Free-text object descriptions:
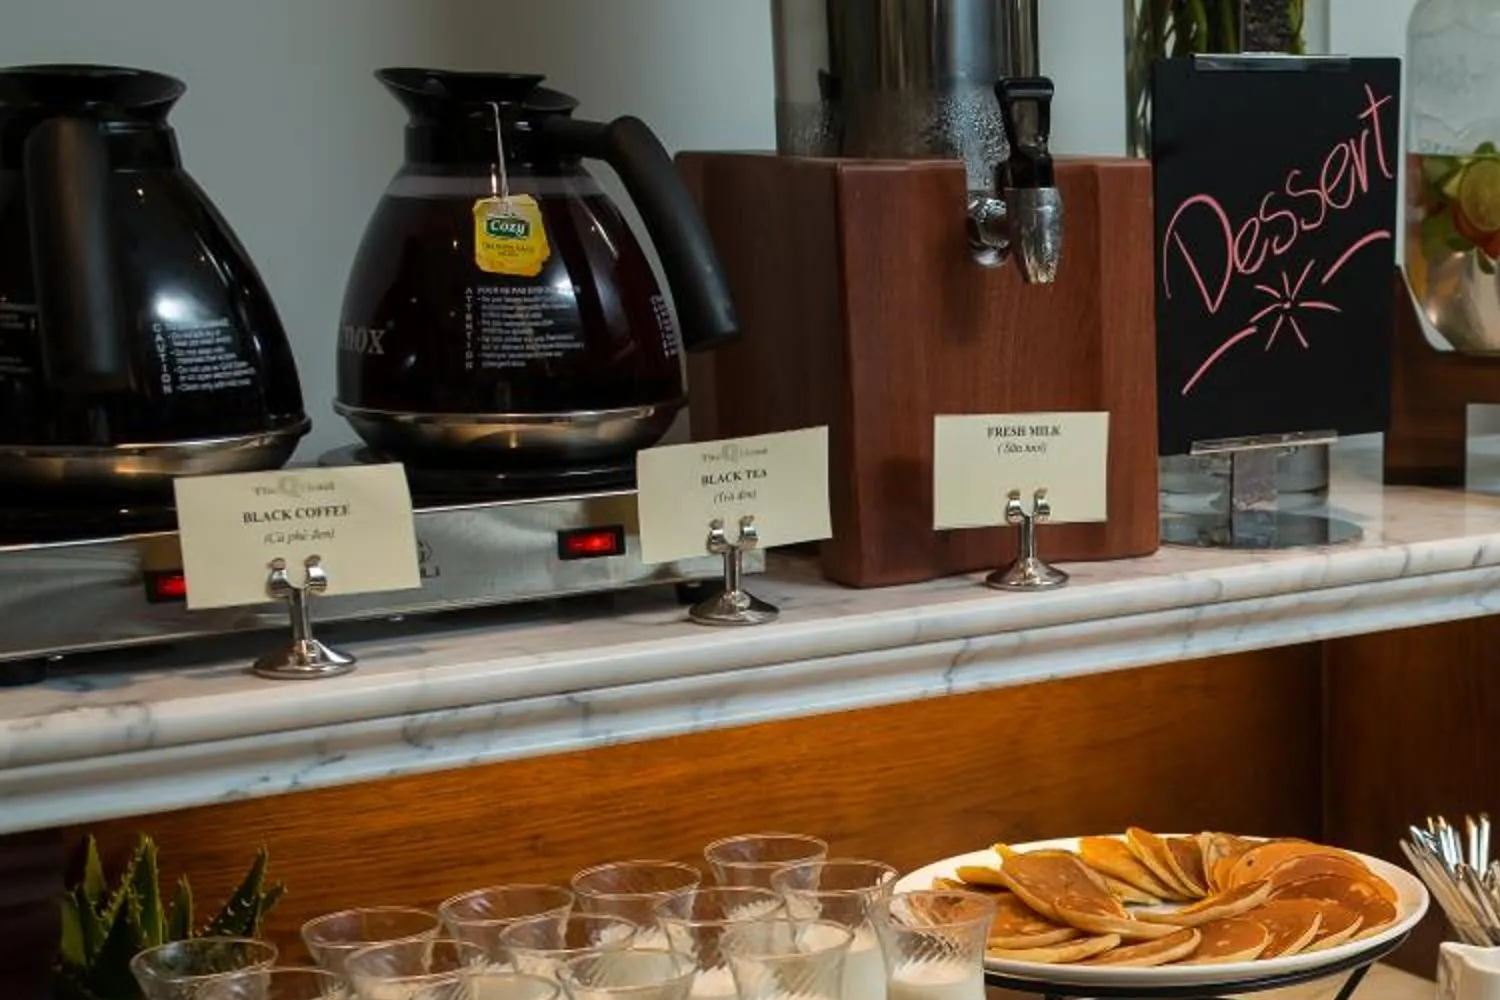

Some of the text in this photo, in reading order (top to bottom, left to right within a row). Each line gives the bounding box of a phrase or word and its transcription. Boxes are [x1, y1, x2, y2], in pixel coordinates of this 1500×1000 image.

[1163, 83, 1393, 315] Dessert
[489, 219, 526, 237] Cozy
[987, 424, 1063, 439] FRESH MILK
[701, 468, 768, 487] BLACK TEA
[241, 503, 352, 525] BLACK COFFEE

● **EXERCISE BRIEF**
Repeat the data in full, exactly as it stands, but drop every picture.

● **ANSWER BELOW**
Some of the text in this photo, in reading order (top to bottom, left to right within a row). Each line gives the bounding box of a phrase or word and its transcription. Boxes are [x1, y1, x2, y2], in pixel coordinates of this 1500×1000 image.

[1163, 83, 1393, 315] Dessert
[489, 219, 526, 237] Cozy
[987, 424, 1063, 439] FRESH MILK
[701, 468, 768, 487] BLACK TEA
[241, 503, 352, 525] BLACK COFFEE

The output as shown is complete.